Return each entry precisely as it appears below.
BEGIN DATASET EXCERPTS
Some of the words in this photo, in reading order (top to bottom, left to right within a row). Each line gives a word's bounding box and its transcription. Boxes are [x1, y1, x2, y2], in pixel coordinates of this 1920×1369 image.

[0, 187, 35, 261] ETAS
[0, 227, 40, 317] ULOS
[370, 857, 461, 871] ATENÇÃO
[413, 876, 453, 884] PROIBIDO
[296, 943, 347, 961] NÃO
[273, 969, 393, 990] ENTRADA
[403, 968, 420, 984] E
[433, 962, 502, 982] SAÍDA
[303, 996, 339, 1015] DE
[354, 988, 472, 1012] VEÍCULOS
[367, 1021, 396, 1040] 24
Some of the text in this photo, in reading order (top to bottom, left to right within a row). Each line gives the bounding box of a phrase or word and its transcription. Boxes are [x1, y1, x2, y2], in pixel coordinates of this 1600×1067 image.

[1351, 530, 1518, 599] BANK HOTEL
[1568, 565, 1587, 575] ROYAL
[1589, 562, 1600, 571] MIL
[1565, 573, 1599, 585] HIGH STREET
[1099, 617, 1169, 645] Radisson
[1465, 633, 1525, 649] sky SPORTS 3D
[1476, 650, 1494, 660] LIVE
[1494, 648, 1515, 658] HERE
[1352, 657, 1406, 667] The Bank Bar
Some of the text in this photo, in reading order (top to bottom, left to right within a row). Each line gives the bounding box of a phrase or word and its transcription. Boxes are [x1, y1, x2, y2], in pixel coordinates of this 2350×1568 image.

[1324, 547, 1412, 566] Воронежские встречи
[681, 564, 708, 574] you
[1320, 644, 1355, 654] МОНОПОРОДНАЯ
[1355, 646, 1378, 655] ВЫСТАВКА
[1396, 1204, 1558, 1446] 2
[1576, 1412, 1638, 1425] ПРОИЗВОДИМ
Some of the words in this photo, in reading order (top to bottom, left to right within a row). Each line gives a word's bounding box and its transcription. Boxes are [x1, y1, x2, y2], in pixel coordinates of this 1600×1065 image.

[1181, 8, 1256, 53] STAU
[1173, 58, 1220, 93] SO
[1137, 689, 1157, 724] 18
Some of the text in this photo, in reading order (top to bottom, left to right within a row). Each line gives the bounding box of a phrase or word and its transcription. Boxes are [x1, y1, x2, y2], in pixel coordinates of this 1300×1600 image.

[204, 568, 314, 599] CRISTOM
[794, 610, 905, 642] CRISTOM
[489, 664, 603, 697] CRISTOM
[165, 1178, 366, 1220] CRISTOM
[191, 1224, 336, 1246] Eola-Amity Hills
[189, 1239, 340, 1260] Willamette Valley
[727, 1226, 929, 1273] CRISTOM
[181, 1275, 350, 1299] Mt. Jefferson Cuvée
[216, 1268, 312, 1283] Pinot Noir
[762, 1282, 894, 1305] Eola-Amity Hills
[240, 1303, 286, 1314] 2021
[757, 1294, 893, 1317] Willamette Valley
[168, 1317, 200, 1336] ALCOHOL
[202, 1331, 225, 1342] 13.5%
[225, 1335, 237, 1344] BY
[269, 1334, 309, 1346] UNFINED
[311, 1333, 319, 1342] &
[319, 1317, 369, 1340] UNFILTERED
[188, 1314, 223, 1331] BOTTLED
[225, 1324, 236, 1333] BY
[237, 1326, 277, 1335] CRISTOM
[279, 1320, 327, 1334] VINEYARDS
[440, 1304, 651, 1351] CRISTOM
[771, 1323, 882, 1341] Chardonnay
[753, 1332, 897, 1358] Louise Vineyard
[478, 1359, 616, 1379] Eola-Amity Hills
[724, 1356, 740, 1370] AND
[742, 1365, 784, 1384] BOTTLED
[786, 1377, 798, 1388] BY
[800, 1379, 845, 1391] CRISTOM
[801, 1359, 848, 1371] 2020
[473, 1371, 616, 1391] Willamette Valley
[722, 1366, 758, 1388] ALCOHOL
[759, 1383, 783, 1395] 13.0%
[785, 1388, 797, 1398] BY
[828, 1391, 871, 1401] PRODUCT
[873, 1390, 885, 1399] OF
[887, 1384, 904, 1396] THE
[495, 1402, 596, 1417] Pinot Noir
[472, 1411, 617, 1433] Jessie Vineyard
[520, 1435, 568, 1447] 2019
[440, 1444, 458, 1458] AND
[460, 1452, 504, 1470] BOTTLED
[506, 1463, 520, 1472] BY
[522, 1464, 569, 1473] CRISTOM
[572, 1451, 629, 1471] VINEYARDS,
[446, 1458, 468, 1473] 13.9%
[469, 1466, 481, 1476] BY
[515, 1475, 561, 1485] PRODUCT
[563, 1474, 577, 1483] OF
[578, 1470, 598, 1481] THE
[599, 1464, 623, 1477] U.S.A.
END DATASET EXCERPTS
● YOUR SOLUTION:
Some of the words in this photo, in reading order (top to bottom, left to right within a row). Each line gives a word's bounding box and its transcription. Boxes are [x1, y1, x2, y2], in pixel coordinates of this 1920×1369 image.

[0, 187, 35, 261] ETAS
[0, 227, 40, 317] ULOS
[370, 857, 461, 871] ATENÇÃO
[413, 876, 453, 884] PROIBIDO
[296, 943, 347, 961] NÃO
[273, 969, 393, 990] ENTRADA
[403, 968, 420, 984] E
[433, 962, 502, 982] SAÍDA
[303, 996, 339, 1015] DE
[354, 988, 472, 1012] VEÍCULOS
[367, 1021, 396, 1040] 24
Some of the text in this photo, in reading order (top to bottom, left to right within a row). Each line gives the bounding box of a phrase or word and its transcription. Boxes are [x1, y1, x2, y2], in pixel coordinates of this 1600×1067 image.

[1351, 530, 1518, 599] BANK HOTEL
[1568, 565, 1587, 575] ROYAL
[1589, 562, 1600, 571] MIL
[1565, 573, 1599, 585] HIGH STREET
[1099, 617, 1169, 645] Radisson
[1465, 633, 1525, 649] sky SPORTS 3D
[1476, 650, 1494, 660] LIVE
[1494, 648, 1515, 658] HERE
[1352, 657, 1406, 667] The Bank Bar
Some of the text in this photo, in reading order (top to bottom, left to right within a row). Each line gives the bounding box of a phrase or word and its transcription. Boxes are [x1, y1, x2, y2], in pixel coordinates of this 2350×1568 image.

[1324, 547, 1412, 566] Воронежские встречи
[681, 564, 708, 574] you
[1320, 644, 1355, 654] МОНОПОРОДНАЯ
[1355, 646, 1378, 655] ВЫСТАВКА
[1396, 1204, 1558, 1446] 2
[1576, 1412, 1638, 1425] ПРОИЗВОДИМ
Some of the words in this photo, in reading order (top to bottom, left to right within a row). Each line gives a word's bounding box and its transcription. Boxes are [x1, y1, x2, y2], in pixel coordinates of this 1600×1065 image.

[1181, 8, 1256, 53] STAU
[1173, 58, 1220, 93] SO
[1137, 689, 1157, 724] 18
Some of the text in this photo, in reading order (top to bottom, left to right within a row). Each line gives the bounding box of a phrase or word and its transcription. Boxes are [x1, y1, x2, y2], in pixel coordinates of this 1300×1600 image.

[204, 568, 314, 599] CRISTOM
[794, 610, 905, 642] CRISTOM
[489, 664, 603, 697] CRISTOM
[165, 1178, 366, 1220] CRISTOM
[191, 1224, 336, 1246] Eola-Amity Hills
[189, 1239, 340, 1260] Willamette Valley
[727, 1226, 929, 1273] CRISTOM
[181, 1275, 350, 1299] Mt. Jefferson Cuvée
[216, 1268, 312, 1283] Pinot Noir
[762, 1282, 894, 1305] Eola-Amity Hills
[240, 1303, 286, 1314] 2021
[757, 1294, 893, 1317] Willamette Valley
[168, 1317, 200, 1336] ALCOHOL
[202, 1331, 225, 1342] 13.5%
[225, 1335, 237, 1344] BY
[269, 1334, 309, 1346] UNFINED
[311, 1333, 319, 1342] &
[319, 1317, 369, 1340] UNFILTERED
[188, 1314, 223, 1331] BOTTLED
[225, 1324, 236, 1333] BY
[237, 1326, 277, 1335] CRISTOM
[279, 1320, 327, 1334] VINEYARDS
[440, 1304, 651, 1351] CRISTOM
[771, 1323, 882, 1341] Chardonnay
[753, 1332, 897, 1358] Louise Vineyard
[478, 1359, 616, 1379] Eola-Amity Hills
[724, 1356, 740, 1370] AND
[742, 1365, 784, 1384] BOTTLED
[786, 1377, 798, 1388] BY
[800, 1379, 845, 1391] CRISTOM
[801, 1359, 848, 1371] 2020
[473, 1371, 616, 1391] Willamette Valley
[722, 1366, 758, 1388] ALCOHOL
[759, 1383, 783, 1395] 13.0%
[785, 1388, 797, 1398] BY
[828, 1391, 871, 1401] PRODUCT
[873, 1390, 885, 1399] OF
[887, 1384, 904, 1396] THE
[495, 1402, 596, 1417] Pinot Noir
[472, 1411, 617, 1433] Jessie Vineyard
[520, 1435, 568, 1447] 2019
[440, 1444, 458, 1458] AND
[460, 1452, 504, 1470] BOTTLED
[506, 1463, 520, 1472] BY
[522, 1464, 569, 1473] CRISTOM
[572, 1451, 629, 1471] VINEYARDS,
[446, 1458, 468, 1473] 13.9%
[469, 1466, 481, 1476] BY
[515, 1475, 561, 1485] PRODUCT
[563, 1474, 577, 1483] OF
[578, 1470, 598, 1481] THE
[599, 1464, 623, 1477] U.S.A.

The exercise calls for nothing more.